> _Problem to solve_: Please write out the listing below again in its exact form.

════════════════════

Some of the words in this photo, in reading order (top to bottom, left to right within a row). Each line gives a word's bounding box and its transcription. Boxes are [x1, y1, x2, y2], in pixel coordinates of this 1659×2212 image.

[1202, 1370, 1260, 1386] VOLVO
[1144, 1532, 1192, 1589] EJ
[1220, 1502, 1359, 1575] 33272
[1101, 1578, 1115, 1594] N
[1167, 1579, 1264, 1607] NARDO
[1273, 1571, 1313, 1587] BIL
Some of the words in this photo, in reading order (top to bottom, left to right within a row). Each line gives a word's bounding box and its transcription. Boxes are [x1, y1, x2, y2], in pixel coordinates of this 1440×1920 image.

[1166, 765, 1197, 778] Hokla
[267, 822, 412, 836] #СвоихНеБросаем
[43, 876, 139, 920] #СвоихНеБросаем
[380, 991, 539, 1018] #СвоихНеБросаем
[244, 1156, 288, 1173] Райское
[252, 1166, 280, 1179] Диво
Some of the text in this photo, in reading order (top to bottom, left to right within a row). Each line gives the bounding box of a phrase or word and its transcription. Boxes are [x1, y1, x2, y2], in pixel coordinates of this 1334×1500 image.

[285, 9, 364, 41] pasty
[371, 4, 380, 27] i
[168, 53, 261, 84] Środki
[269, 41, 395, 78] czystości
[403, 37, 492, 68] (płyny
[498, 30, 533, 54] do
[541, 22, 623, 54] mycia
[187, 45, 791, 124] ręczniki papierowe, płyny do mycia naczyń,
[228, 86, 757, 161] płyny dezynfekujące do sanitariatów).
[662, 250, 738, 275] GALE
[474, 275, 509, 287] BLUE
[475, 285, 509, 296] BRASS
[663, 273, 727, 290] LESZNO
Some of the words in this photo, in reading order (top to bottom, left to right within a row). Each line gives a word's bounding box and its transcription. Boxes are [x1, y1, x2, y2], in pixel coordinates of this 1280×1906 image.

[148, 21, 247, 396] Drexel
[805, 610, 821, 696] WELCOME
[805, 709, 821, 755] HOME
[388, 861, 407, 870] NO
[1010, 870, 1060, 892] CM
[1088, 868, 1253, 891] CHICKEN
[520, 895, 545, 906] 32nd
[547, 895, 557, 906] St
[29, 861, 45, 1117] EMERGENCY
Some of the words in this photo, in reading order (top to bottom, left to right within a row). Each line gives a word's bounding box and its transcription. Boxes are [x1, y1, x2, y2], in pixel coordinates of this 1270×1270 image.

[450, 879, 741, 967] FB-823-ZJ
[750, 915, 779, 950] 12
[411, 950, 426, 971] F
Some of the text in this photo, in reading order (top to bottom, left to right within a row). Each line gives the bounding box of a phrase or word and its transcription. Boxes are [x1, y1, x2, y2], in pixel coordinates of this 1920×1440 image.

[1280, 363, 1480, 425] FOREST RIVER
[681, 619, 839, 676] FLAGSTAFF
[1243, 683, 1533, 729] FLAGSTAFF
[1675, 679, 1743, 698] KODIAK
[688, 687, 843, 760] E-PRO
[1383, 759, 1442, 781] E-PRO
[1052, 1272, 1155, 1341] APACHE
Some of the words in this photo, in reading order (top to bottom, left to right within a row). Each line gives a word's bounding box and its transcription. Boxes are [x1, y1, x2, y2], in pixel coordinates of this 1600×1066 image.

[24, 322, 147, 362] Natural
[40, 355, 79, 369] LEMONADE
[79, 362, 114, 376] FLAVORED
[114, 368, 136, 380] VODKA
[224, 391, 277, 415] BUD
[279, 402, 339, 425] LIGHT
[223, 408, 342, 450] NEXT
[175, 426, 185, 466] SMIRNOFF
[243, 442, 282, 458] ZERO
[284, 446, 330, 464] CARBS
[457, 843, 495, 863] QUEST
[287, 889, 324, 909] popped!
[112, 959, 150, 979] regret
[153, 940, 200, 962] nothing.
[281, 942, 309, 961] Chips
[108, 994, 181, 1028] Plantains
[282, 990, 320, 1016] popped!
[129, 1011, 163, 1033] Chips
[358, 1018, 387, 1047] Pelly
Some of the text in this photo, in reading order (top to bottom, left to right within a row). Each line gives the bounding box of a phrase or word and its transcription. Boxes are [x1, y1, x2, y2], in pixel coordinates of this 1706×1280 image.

════════════════════

> _Answer box_:
Some of the words in this photo, in reading order (top to bottom, left to right within a row). Each line gives a word's bounding box and its transcription. Boxes are [x1, y1, x2, y2], in pixel coordinates of this 1659×2212 image.

[1202, 1370, 1260, 1386] VOLVO
[1144, 1532, 1192, 1589] EJ
[1220, 1502, 1359, 1575] 33272
[1101, 1578, 1115, 1594] N
[1167, 1579, 1264, 1607] NARDO
[1273, 1571, 1313, 1587] BIL
Some of the words in this photo, in reading order (top to bottom, left to right within a row). Each line gives a word's bounding box and its transcription. Boxes are [x1, y1, x2, y2], in pixel coordinates of this 1440×1920 image.

[1166, 765, 1197, 778] Hokla
[267, 822, 412, 836] #СвоихНеБросаем
[43, 876, 139, 920] #СвоихНеБросаем
[380, 991, 539, 1018] #СвоихНеБросаем
[244, 1156, 288, 1173] Райское
[252, 1166, 280, 1179] Диво
Some of the text in this photo, in reading order (top to bottom, left to right within a row). Each line gives the bounding box of a phrase or word and its transcription. Boxes are [x1, y1, x2, y2], in pixel coordinates of this 1334×1500 image.

[285, 9, 364, 41] pasty
[371, 4, 380, 27] i
[168, 53, 261, 84] Środki
[269, 41, 395, 78] czystości
[403, 37, 492, 68] (płyny
[498, 30, 533, 54] do
[541, 22, 623, 54] mycia
[187, 45, 791, 124] ręczniki papierowe, płyny do mycia naczyń,
[228, 86, 757, 161] płyny dezynfekujące do sanitariatów).
[662, 250, 738, 275] GALE
[474, 275, 509, 287] BLUE
[475, 285, 509, 296] BRASS
[663, 273, 727, 290] LESZNO
Some of the words in this photo, in reading order (top to bottom, left to right within a row). Each line gives a word's bounding box and its transcription. Boxes are [x1, y1, x2, y2], in pixel coordinates of this 1280×1906 image.

[148, 21, 247, 396] Drexel
[805, 610, 821, 696] WELCOME
[805, 709, 821, 755] HOME
[388, 861, 407, 870] NO
[1010, 870, 1060, 892] CM
[1088, 868, 1253, 891] CHICKEN
[520, 895, 545, 906] 32nd
[547, 895, 557, 906] St
[29, 861, 45, 1117] EMERGENCY
Some of the words in this photo, in reading order (top to bottom, left to right within a row). Each line gives a word's bounding box and its transcription. Boxes are [x1, y1, x2, y2], in pixel coordinates of this 1270×1270 image.

[450, 879, 741, 967] FB-823-ZJ
[750, 915, 779, 950] 12
[411, 950, 426, 971] F
Some of the text in this photo, in reading order (top to bottom, left to right within a row). Each line gives the bounding box of a phrase or word and its transcription. Boxes are [x1, y1, x2, y2], in pixel coordinates of this 1920×1440 image.

[1280, 363, 1480, 425] FOREST RIVER
[681, 619, 839, 676] FLAGSTAFF
[1243, 683, 1533, 729] FLAGSTAFF
[1675, 679, 1743, 698] KODIAK
[688, 687, 843, 760] E-PRO
[1383, 759, 1442, 781] E-PRO
[1052, 1272, 1155, 1341] APACHE
Some of the words in this photo, in reading order (top to bottom, left to right within a row). Each line gives a word's bounding box and its transcription. Boxes are [x1, y1, x2, y2], in pixel coordinates of this 1600×1066 image.

[24, 322, 147, 362] Natural
[40, 355, 79, 369] LEMONADE
[79, 362, 114, 376] FLAVORED
[114, 368, 136, 380] VODKA
[224, 391, 277, 415] BUD
[279, 402, 339, 425] LIGHT
[223, 408, 342, 450] NEXT
[175, 426, 185, 466] SMIRNOFF
[243, 442, 282, 458] ZERO
[284, 446, 330, 464] CARBS
[457, 843, 495, 863] QUEST
[287, 889, 324, 909] popped!
[112, 959, 150, 979] regret
[153, 940, 200, 962] nothing.
[281, 942, 309, 961] Chips
[108, 994, 181, 1028] Plantains
[282, 990, 320, 1016] popped!
[129, 1011, 163, 1033] Chips
[358, 1018, 387, 1047] Pelly
Some of the text in this photo, in reading order (top to bottom, left to right within a row). Each line gives the bounding box of a phrase or word and its transcription. Boxes are [x1, y1, x2, y2], in pixel coordinates of this 1706×1280 image.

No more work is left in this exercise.